» DATA PROVIDED
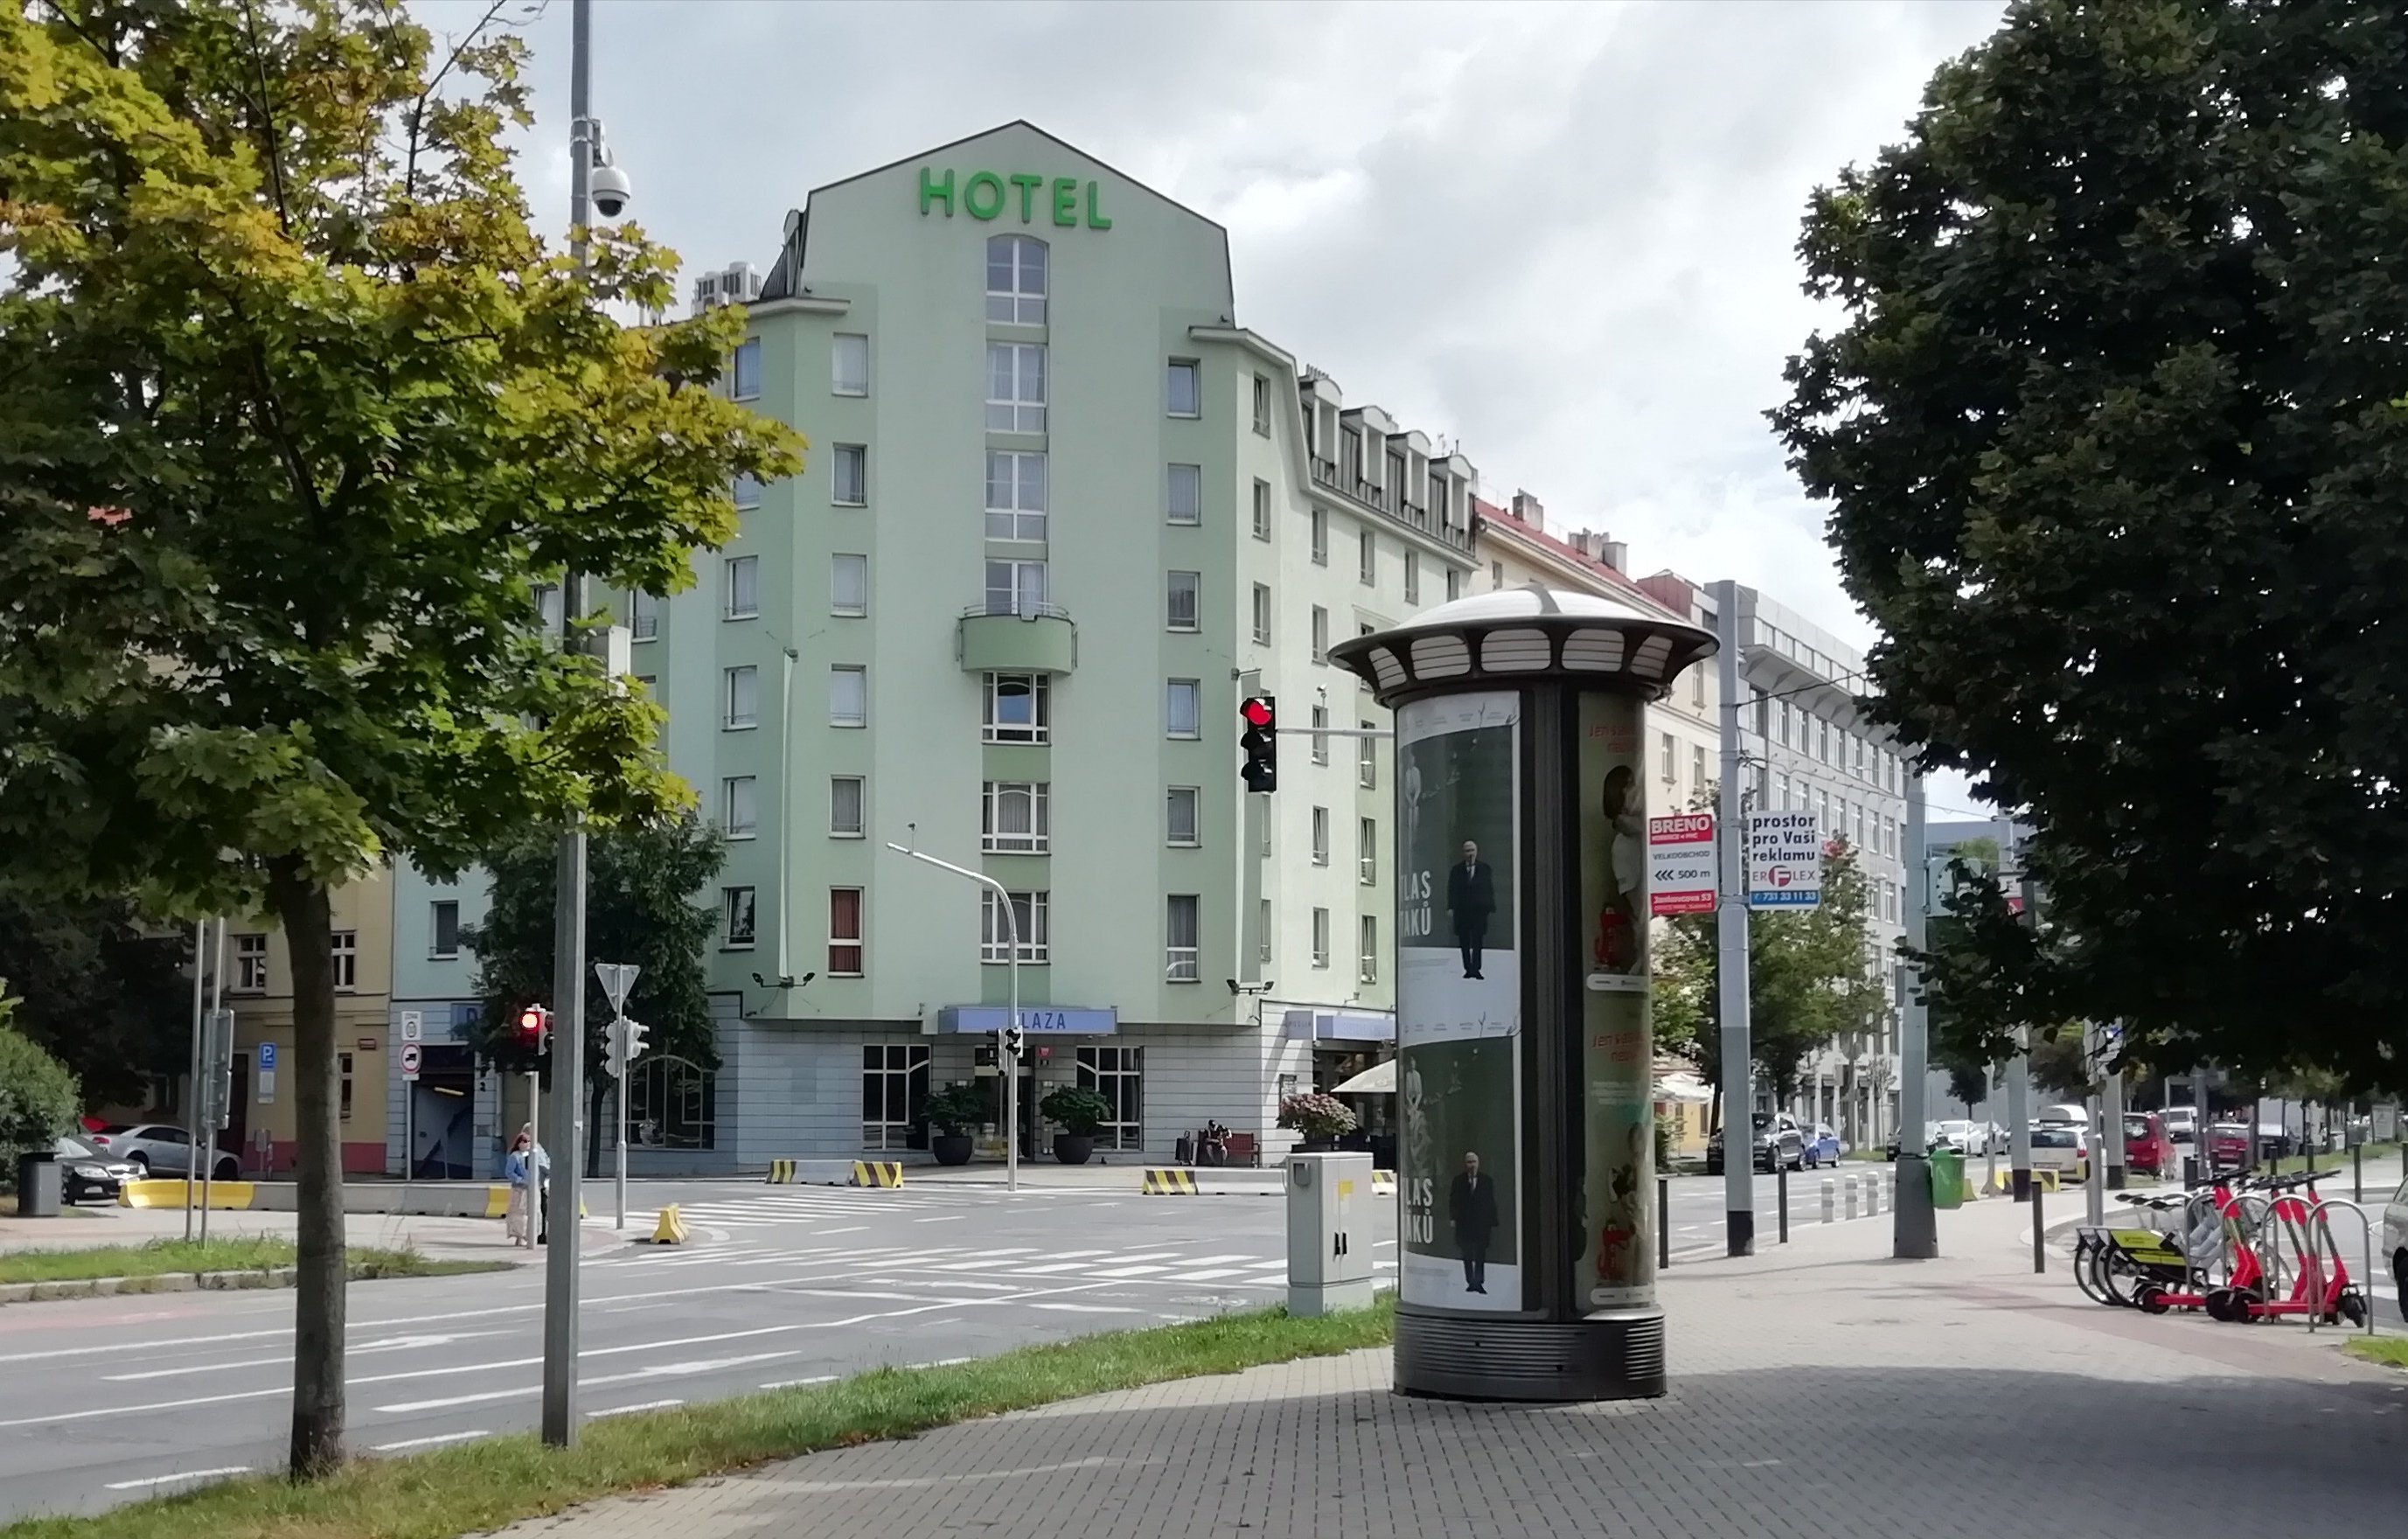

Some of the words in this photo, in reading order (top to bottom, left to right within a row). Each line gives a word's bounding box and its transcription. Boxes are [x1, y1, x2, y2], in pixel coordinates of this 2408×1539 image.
--
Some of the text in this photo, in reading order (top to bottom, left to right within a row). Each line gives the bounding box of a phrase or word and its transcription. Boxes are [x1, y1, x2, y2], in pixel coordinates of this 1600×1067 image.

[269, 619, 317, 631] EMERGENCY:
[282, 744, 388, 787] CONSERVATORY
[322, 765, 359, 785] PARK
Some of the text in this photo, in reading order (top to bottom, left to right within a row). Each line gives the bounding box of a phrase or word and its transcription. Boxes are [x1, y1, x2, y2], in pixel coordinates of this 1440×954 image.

» WHAT THE EXERCISE ASKS
In the material above, transcribe exactly the lines beginning at the one with "this 1600×1067 image." and ending at the one with "this 1440×954 image.", both included.

» OUTPUT OF THE EXERCISE
Some of the text in this photo, in reading order (top to bottom, left to right within a row). Each line gives the bounding box of a phrase or word and its transcription. Boxes are [x1, y1, x2, y2], in pixel coordinates of this 1600×1067 image.

[269, 619, 317, 631] EMERGENCY:
[282, 744, 388, 787] CONSERVATORY
[322, 765, 359, 785] PARK
Some of the text in this photo, in reading order (top to bottom, left to right within a row). Each line gives the bounding box of a phrase or word and its transcription. Boxes are [x1, y1, x2, y2], in pixel coordinates of this 1440×954 image.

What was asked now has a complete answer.